Various strategies can be applied for hemorrhage control, including use of zeolite, if available, and factor VIIa. Surgical maneuvers to control major bleeding include hilar cross-clamping and lung torsion (twisting the entire lung and hilum after taking down the inferior pulmonary ligament).

Staplers should be used if a pneumonectomy must be performed. Such radical operations have terrible long-term results, however, primarily because the decision is made after much time has been spent on the table. An alternative is to just clamp the hilum and come back the next day, Dr. Rhee said. Also, he said, many of these patients die of right heart failure; therefore, unlike typical trauma patients, patients with major pulmonary operations must be kept somewhat volume-depleted.

Studies show that as the complexity of the thoracic operation increases, so does mortality.[21] Lung-sparing techniques have improved outcomes vs anatomic resection. One such technique, tractotomy, is especially useful in penetrating trauma. Staplers are fired on 2 sides of the penetrating trauma tract, isolating it. The tract is then opened, and bleeding vessels are sutured or otherwise controlled with an argon beam or even fibrin glue.

Endovascular Stent Grafts for Thoracic Aorta Injuries

The use of seat belts has dramatically changed the epidemiology of intrathoracic aortic injuries, allowing far more patients to present to the emergency department in stable condition. As a result, it has become possible to use endovascular stents in traumatic aortic injuries. Riyad Karmy-Jones, MD, FACS, from Seattle, Washington, stated that patients undergoing open repair for such injuries had mortality rates of 5% to 28%, as compared with 6% to 10% with endovascular repair. Length of stay in endovascular stent-graft (ESVG) placement patients can be dramatically shorter in patients with isolated injuries, but overall, the length of stay shows no difference, as it is related more to injury severity than to type of repair.

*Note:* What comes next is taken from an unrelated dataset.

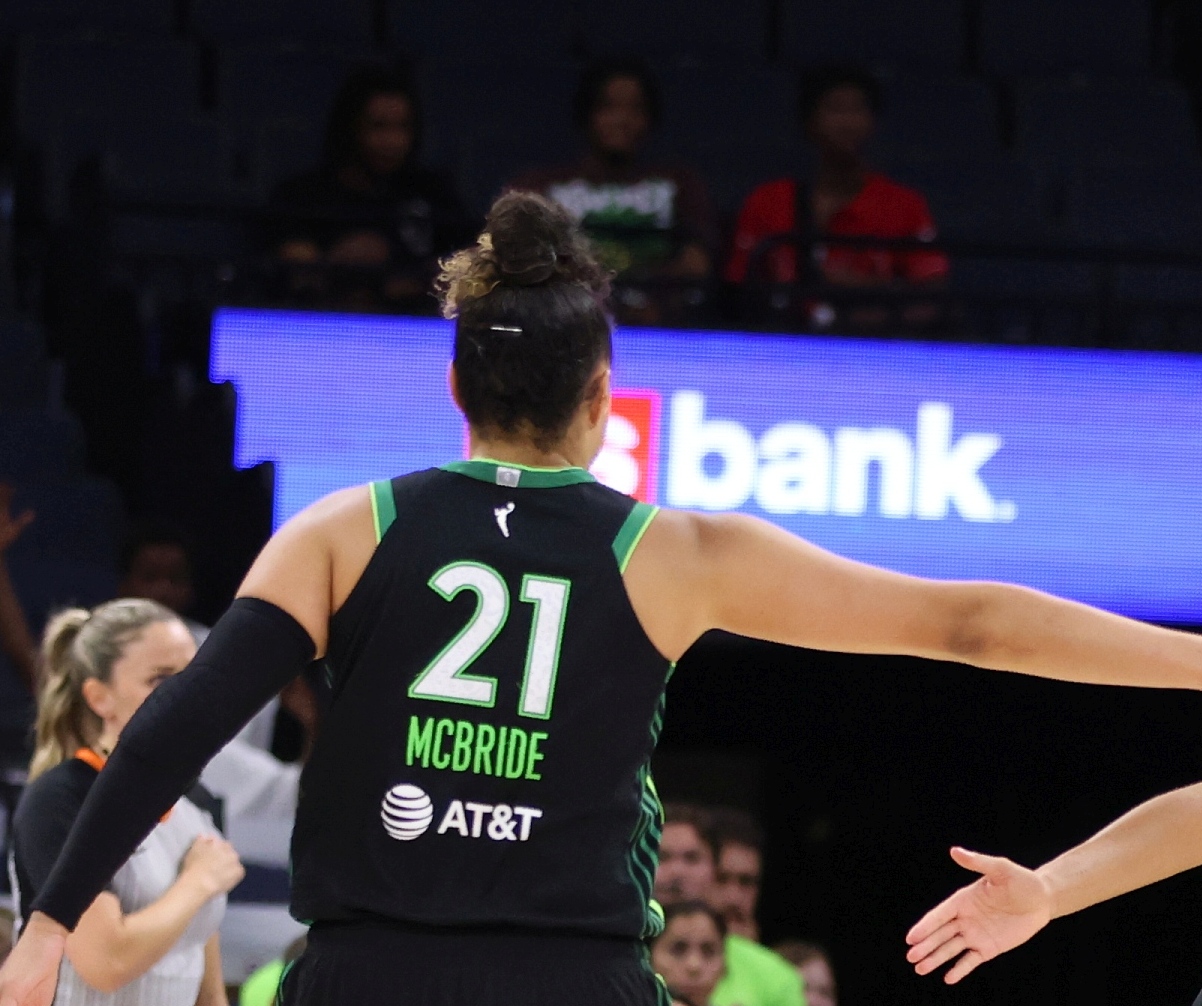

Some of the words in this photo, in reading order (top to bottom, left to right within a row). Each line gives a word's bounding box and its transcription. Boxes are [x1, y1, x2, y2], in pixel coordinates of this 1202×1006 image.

[589, 414, 641, 496] s
[407, 560, 571, 720] 21
[406, 715, 549, 780] MCBRIDE
[437, 799, 543, 842] AT&T

Because there is no aortic cross-clamping with EVSG, the risk of paralysis is markedly reduced. Paralysis occurs at a rate of 3% to 26% in some series in patients treated with open repair, but this rate falls to 0% in patients treated with endografts. Overall, use of EVSG is associated with a marked reduction in risks of paralysis, morbidity, and mortality in patients with isolated chest injuries.

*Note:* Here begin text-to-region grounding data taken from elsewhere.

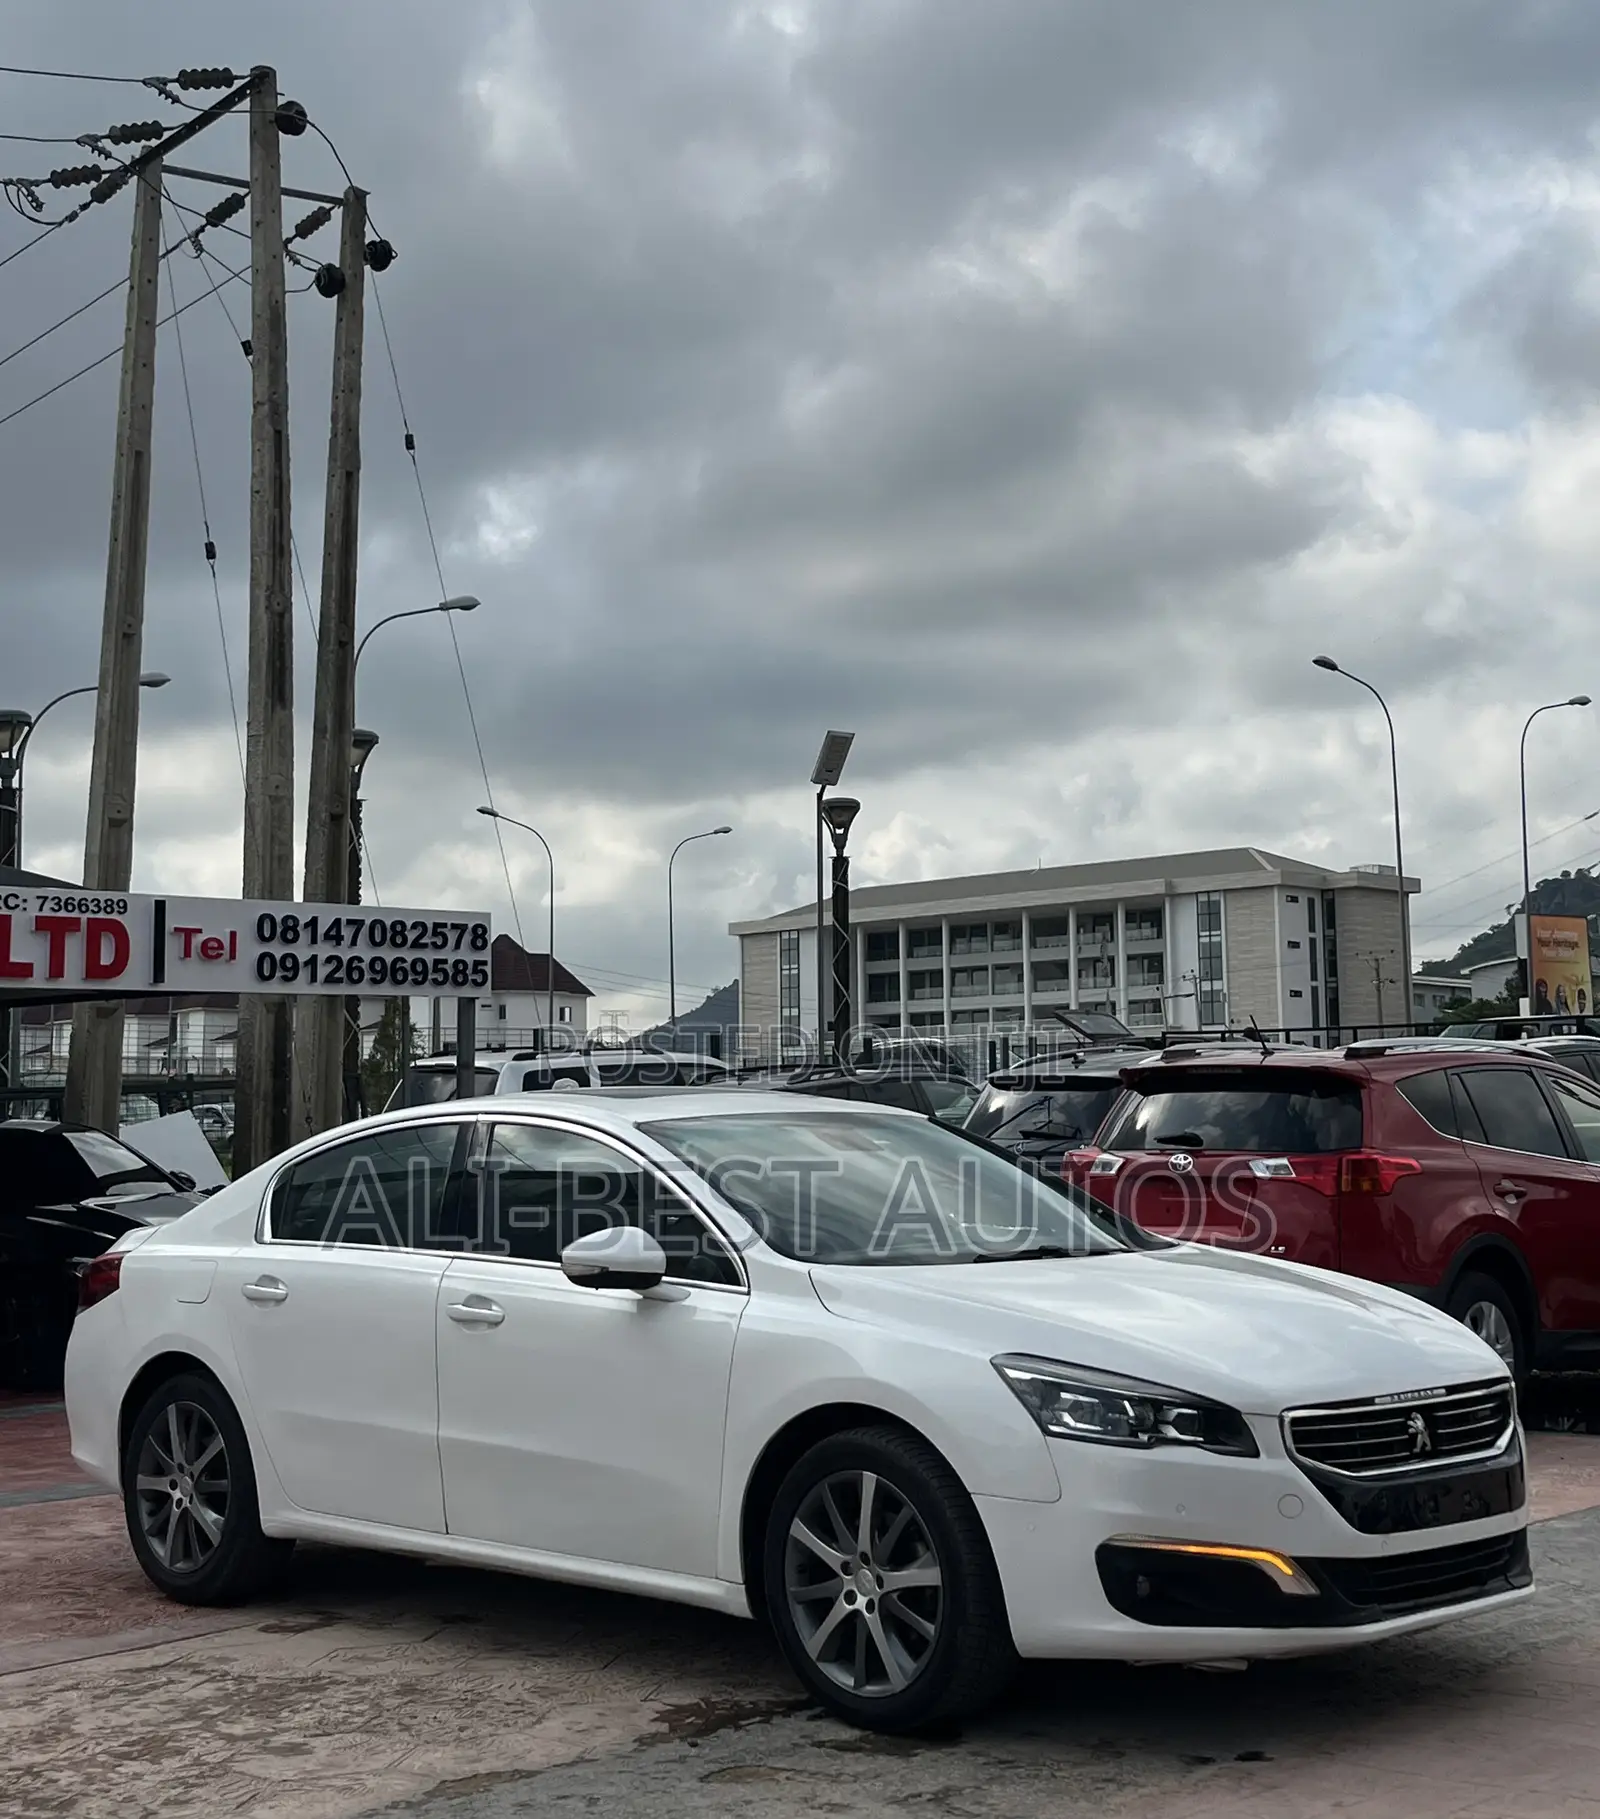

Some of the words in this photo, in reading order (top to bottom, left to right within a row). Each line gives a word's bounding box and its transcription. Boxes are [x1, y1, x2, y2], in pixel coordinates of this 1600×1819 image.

[36, 896, 128, 914] 7366389
[0, 914, 130, 980] LTD
[173, 927, 237, 961] Tel
[256, 913, 488, 951] 08147082578
[256, 951, 488, 986] 09126969585

Technical considerations for placement of an EVSG include femoral diameter, left subclavian artery position, distance to insertion site, and most importantly the angle of the aortic arch. This curvature can cause foreshortening of the graft and is the most significant problem with graft placement. In the United States, only a few centers have dedicated thoracic aortic grafts; most centers are compelled to use abdominal aortic graft extenders. These nonanatomic grafts are not only more technically difficult to use but also are prone to leaks and migration. European series with dedicated thoracic aortic endovascular stents have shown excellent results.

The future of EVSG in thoracic trauma remains bright, as more and more surgeons become adept at this technique and thoracic aortic grafts become available.